* **Records from a data source**
○ ○ ○ ○ ○
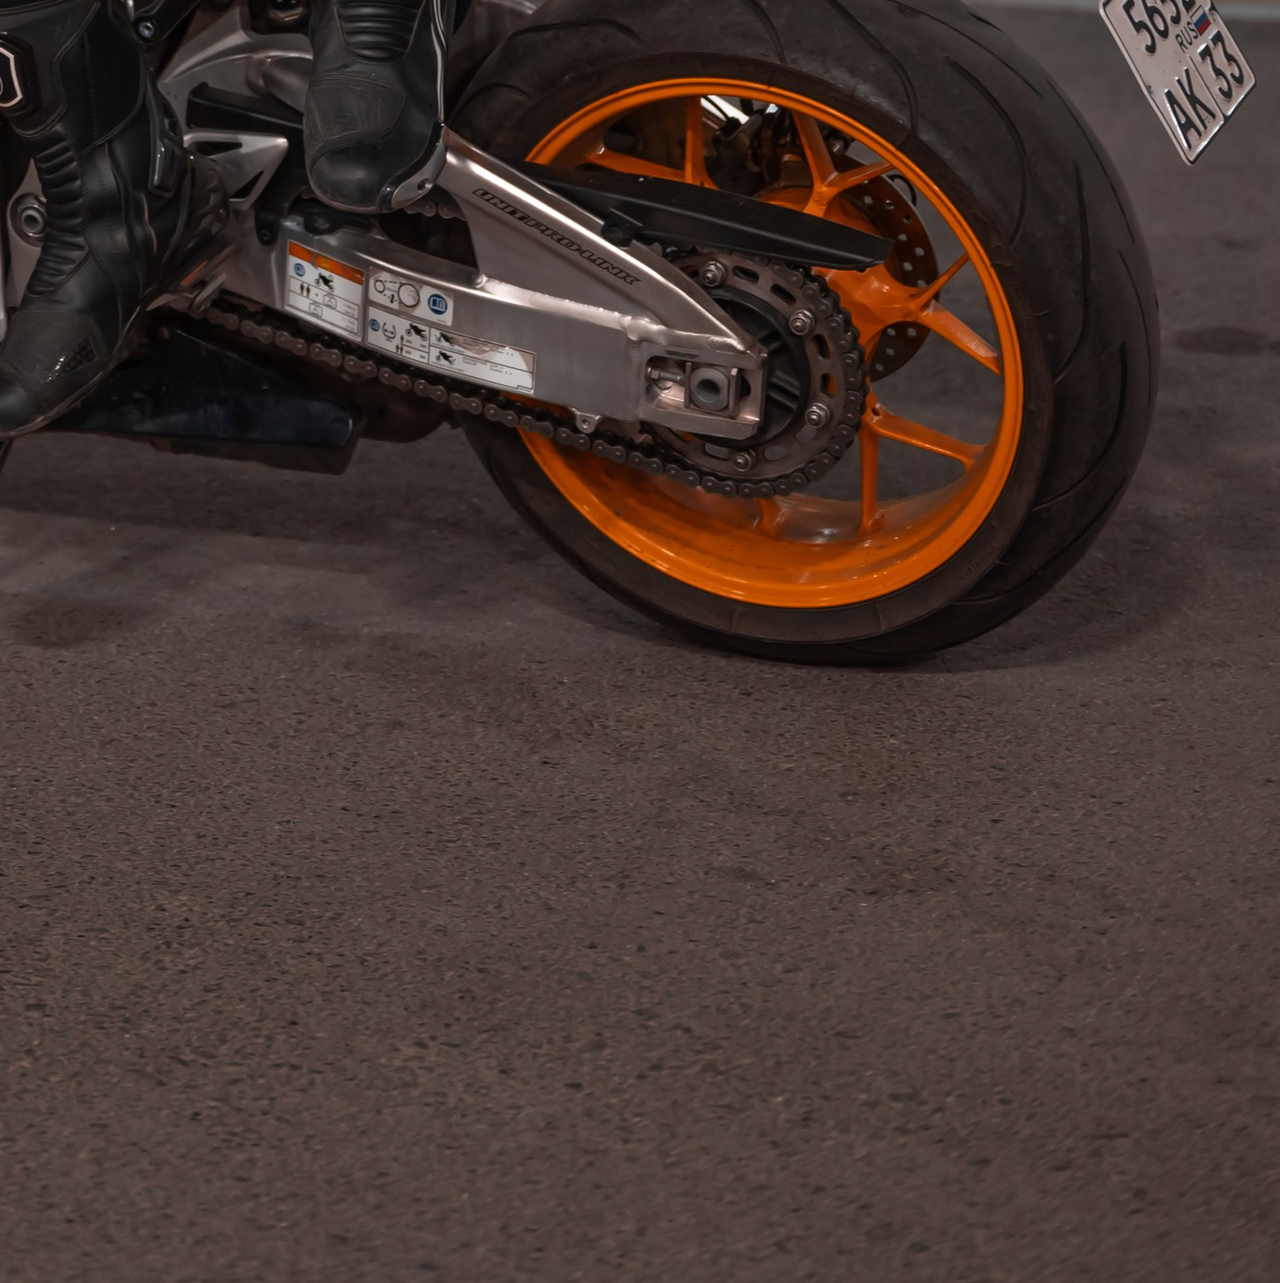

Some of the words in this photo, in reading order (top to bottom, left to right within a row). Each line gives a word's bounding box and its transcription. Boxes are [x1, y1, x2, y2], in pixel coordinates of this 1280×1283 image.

[1175, 20, 1199, 54] RUS
[1164, 66, 1216, 151] AK
[1197, 29, 1245, 100] 33
[472, 188, 530, 223] UNIT
[526, 218, 642, 286] PRO-LINK
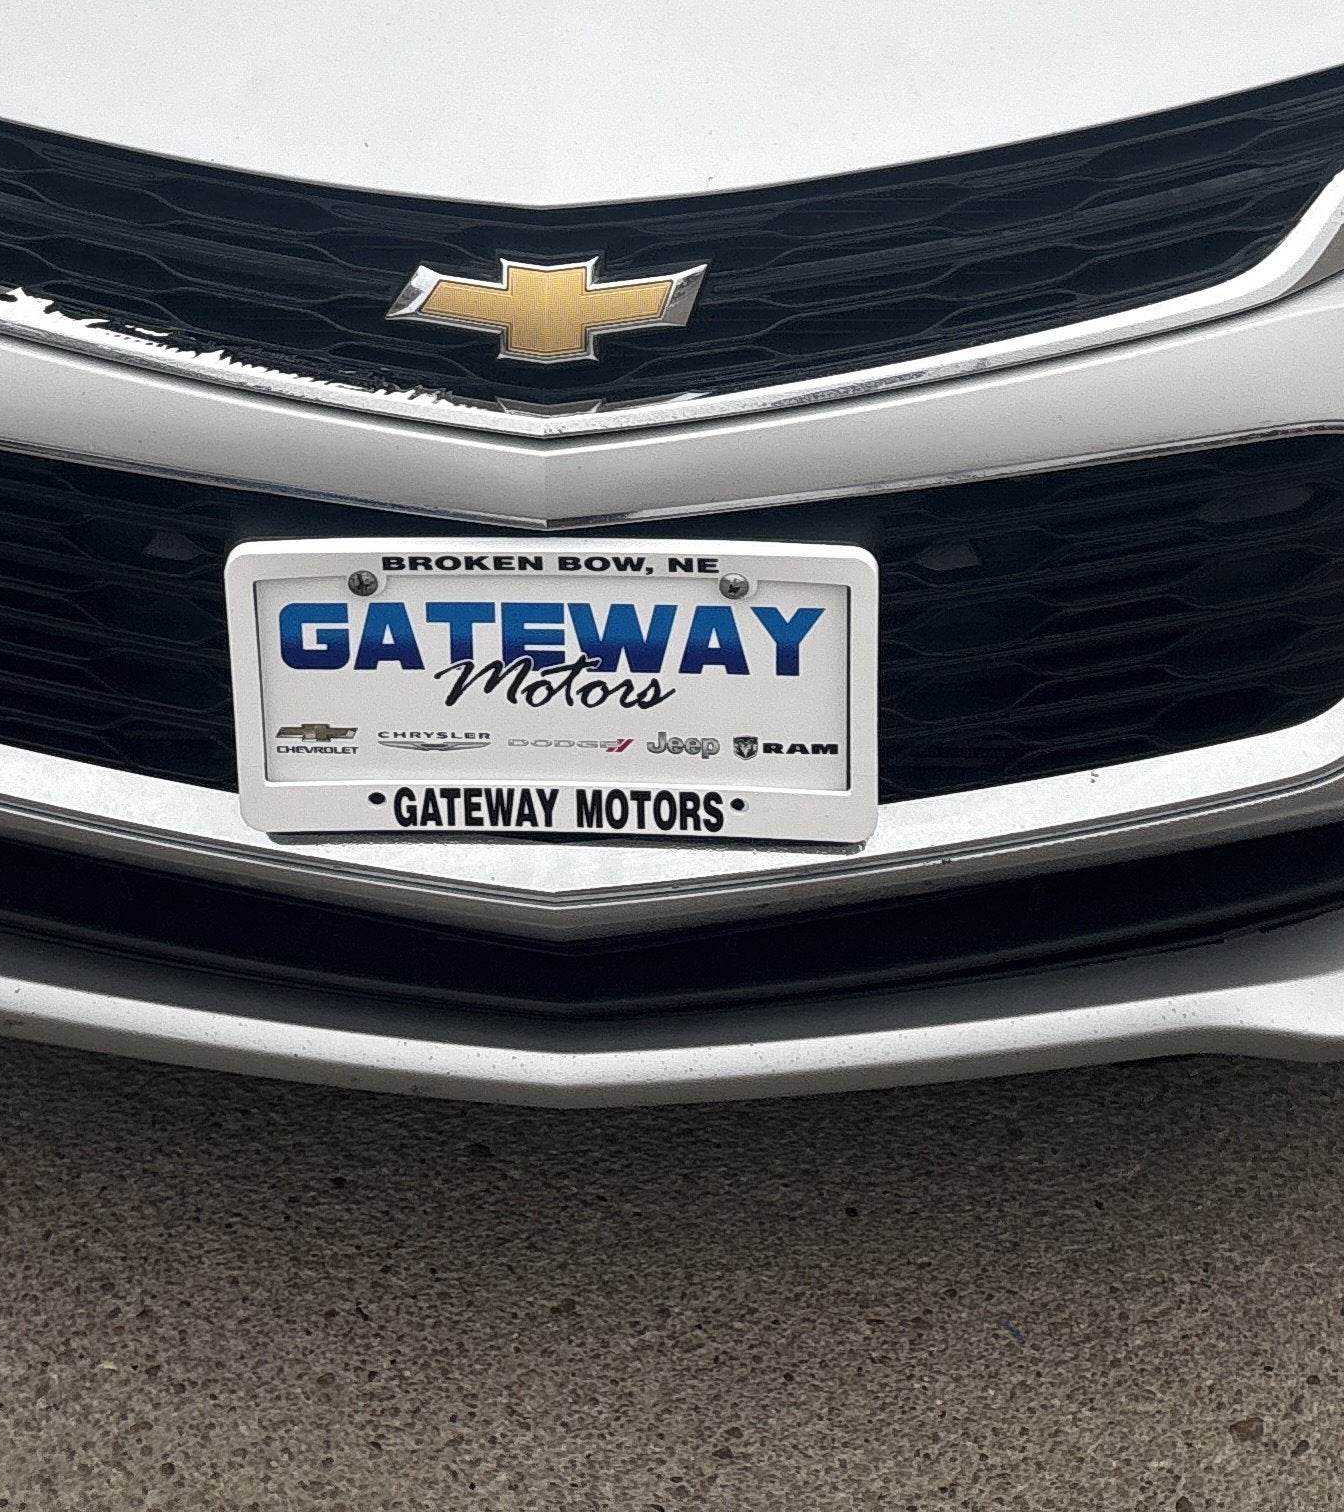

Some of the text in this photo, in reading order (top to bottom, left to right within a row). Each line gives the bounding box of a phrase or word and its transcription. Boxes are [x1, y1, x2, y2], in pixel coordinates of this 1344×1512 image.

[381, 555, 721, 575] BROKEN BOW, NE
[278, 601, 827, 677] GATEWAY
[433, 653, 676, 710] Motors
[377, 731, 492, 740] CHRYSLER
[507, 738, 618, 750] DODGE
[646, 731, 721, 759] Jeep
[275, 744, 360, 755] CHEVROLET
[762, 742, 839, 756] RAM
[393, 786, 725, 833] GATEWAY MOTORS
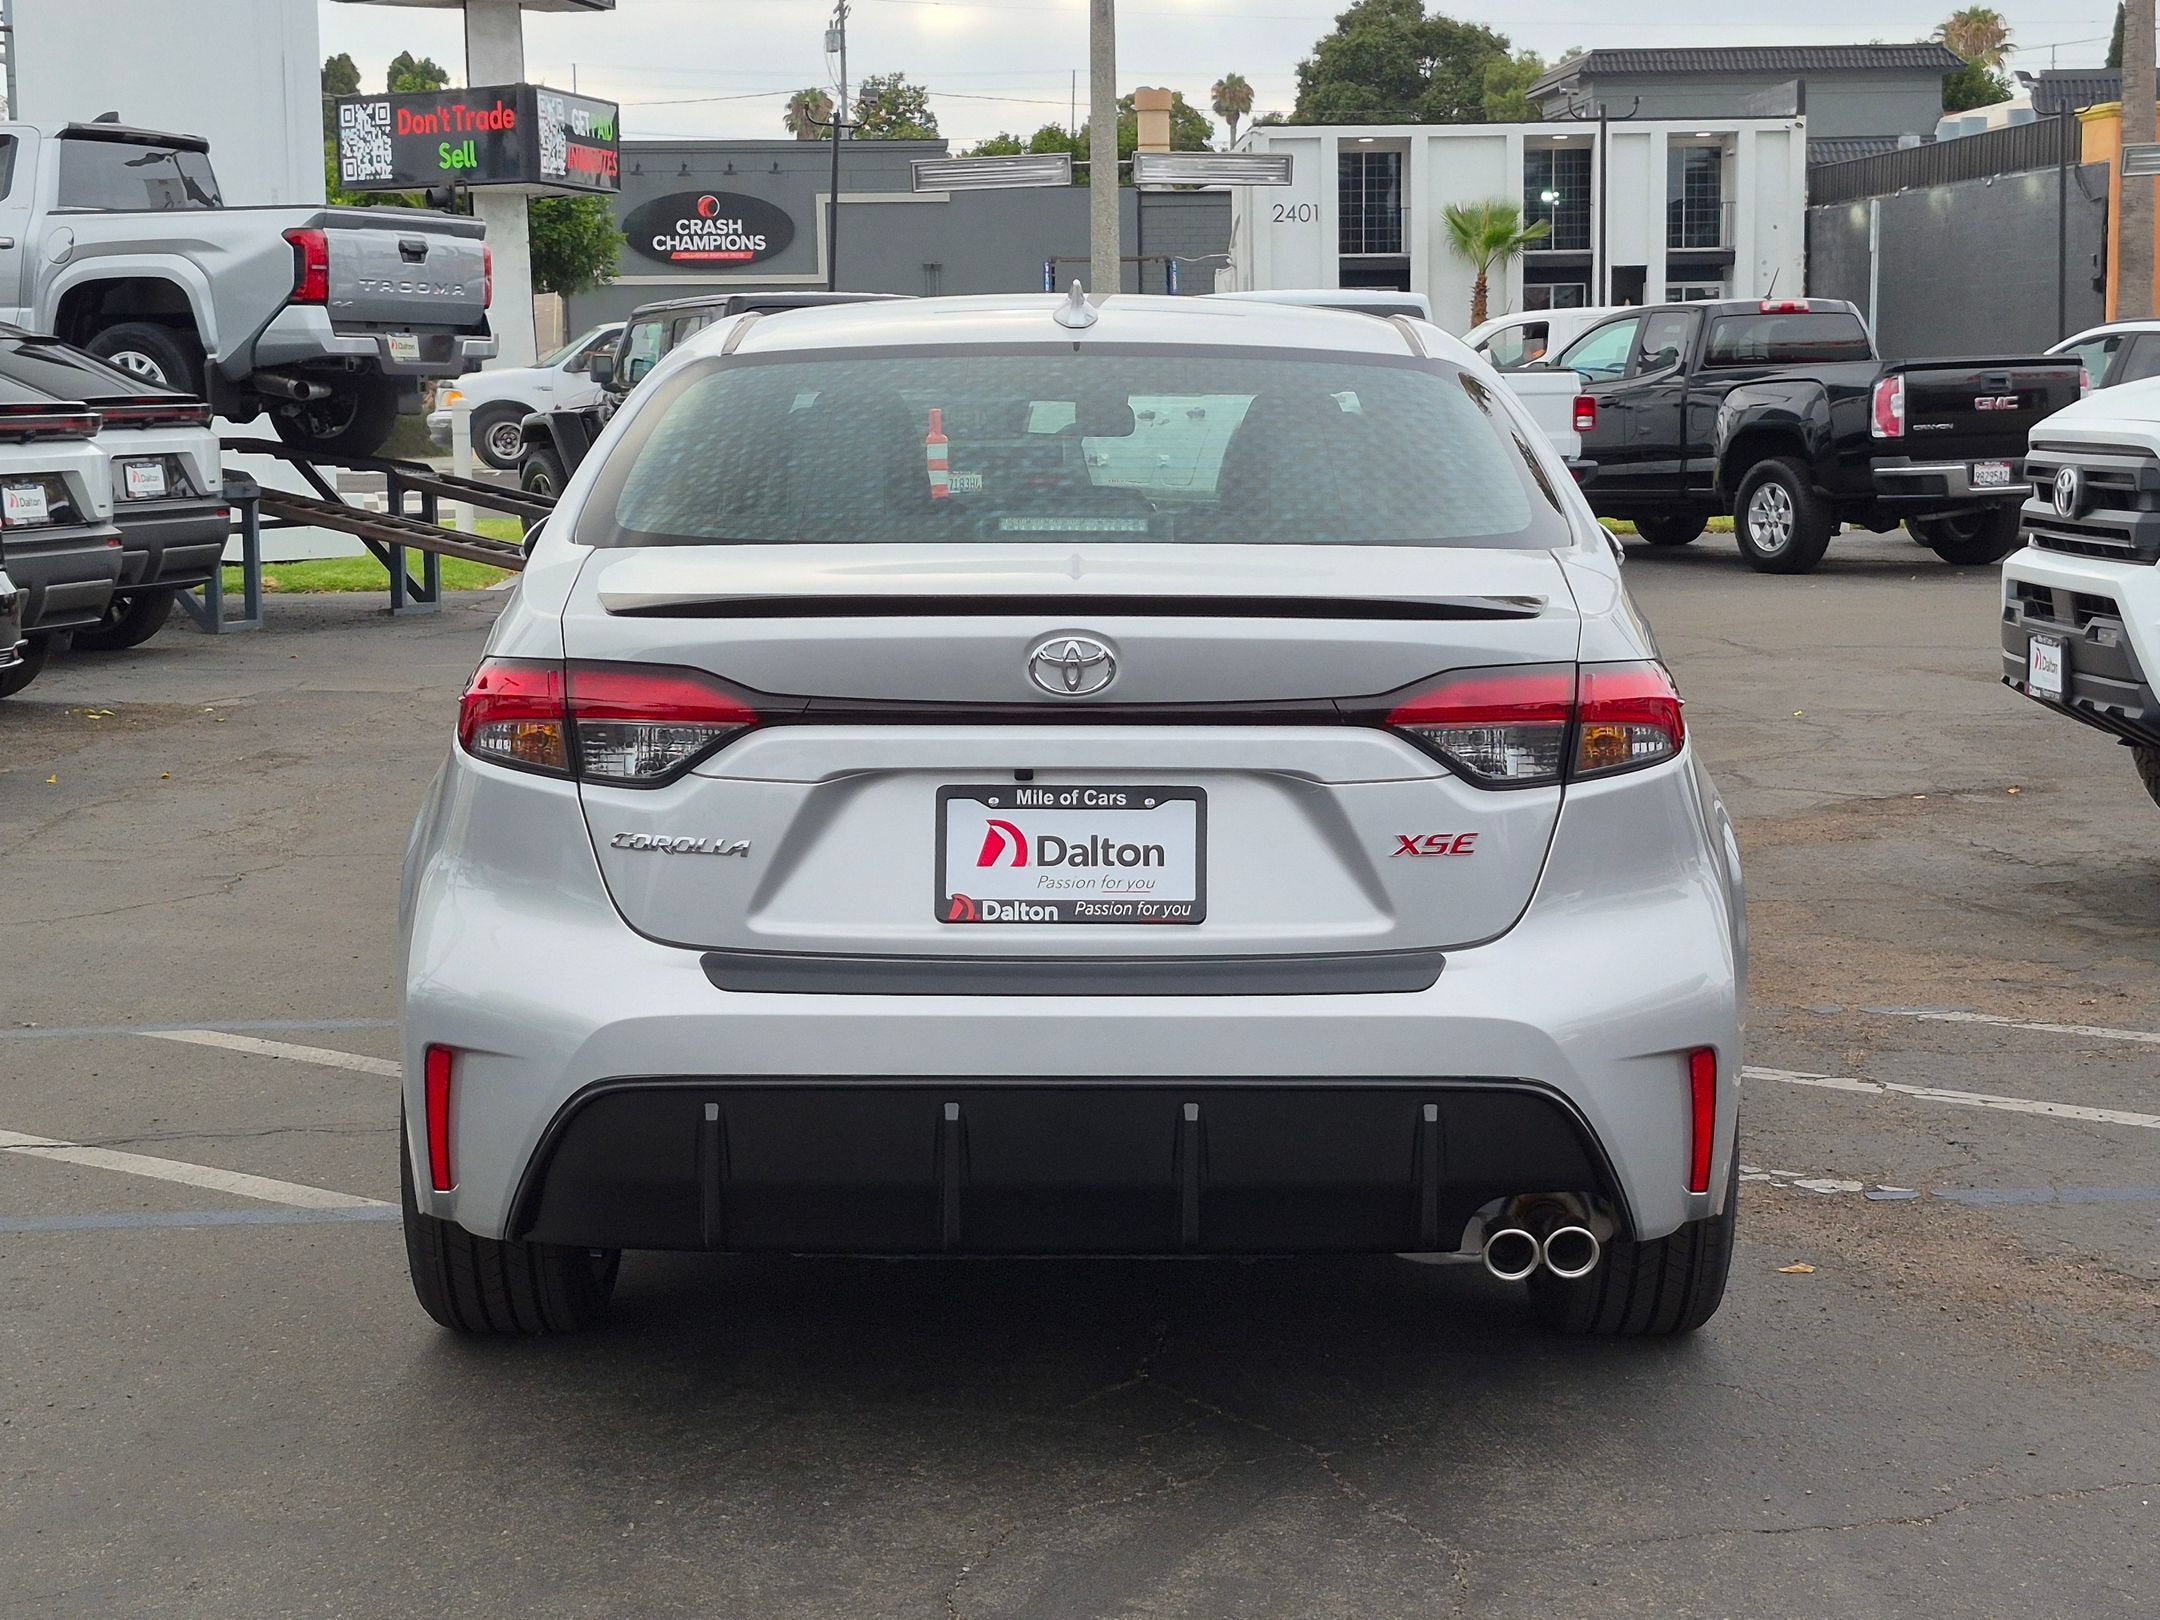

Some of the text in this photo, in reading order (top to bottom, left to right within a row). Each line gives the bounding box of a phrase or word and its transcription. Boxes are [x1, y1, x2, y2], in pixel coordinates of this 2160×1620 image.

[396, 100, 516, 135] Don't Trade
[439, 140, 478, 170] Sell
[1272, 203, 1318, 223] 2401
[675, 219, 742, 235] CRASH
[652, 235, 767, 251] CHAMPIONS
[359, 278, 465, 296] TACOMA
[1974, 395, 2019, 411] GMC
[1016, 789, 1127, 806] Mile of Cars
[610, 831, 751, 858] COROLLA
[1037, 834, 1165, 867] Dalton
[1390, 832, 1479, 857] XSE
[1037, 874, 1155, 893] Passion for you
[982, 900, 1191, 921] Dalton Passion for you
○ ○ ○ ○ ○
* **What you need to do**
Skip every picture and transcribe the data above exactly.

* **Answer below**
Some of the words in this photo, in reading order (top to bottom, left to right within a row). Each line gives a word's bounding box and its transcription. Boxes are [x1, y1, x2, y2], in pixel coordinates of this 1280×1283 image.

[1175, 20, 1199, 54] RUS
[1164, 66, 1216, 151] AK
[1197, 29, 1245, 100] 33
[472, 188, 530, 223] UNIT
[526, 218, 642, 286] PRO-LINK

Some of the text in this photo, in reading order (top to bottom, left to right within a row). Each line gives the bounding box of a phrase or word and its transcription. Boxes are [x1, y1, x2, y2], in pixel coordinates of this 1344×1512 image.

[381, 555, 721, 575] BROKEN BOW, NE
[278, 601, 827, 677] GATEWAY
[433, 653, 676, 710] Motors
[377, 731, 492, 740] CHRYSLER
[507, 738, 618, 750] DODGE
[646, 731, 721, 759] Jeep
[275, 744, 360, 755] CHEVROLET
[762, 742, 839, 756] RAM
[393, 786, 725, 833] GATEWAY MOTORS

Some of the text in this photo, in reading order (top to bottom, left to right within a row). Each line gives the bounding box of a phrase or word and its transcription. Boxes are [x1, y1, x2, y2], in pixel coordinates of this 2160×1620 image.

[396, 100, 516, 135] Don't Trade
[439, 140, 478, 170] Sell
[1272, 203, 1318, 223] 2401
[675, 219, 742, 235] CRASH
[652, 235, 767, 251] CHAMPIONS
[359, 278, 465, 296] TACOMA
[1974, 395, 2019, 411] GMC
[1016, 789, 1127, 806] Mile of Cars
[610, 831, 751, 858] COROLLA
[1037, 834, 1165, 867] Dalton
[1390, 832, 1479, 857] XSE
[1037, 874, 1155, 893] Passion for you
[982, 900, 1191, 921] Dalton Passion for you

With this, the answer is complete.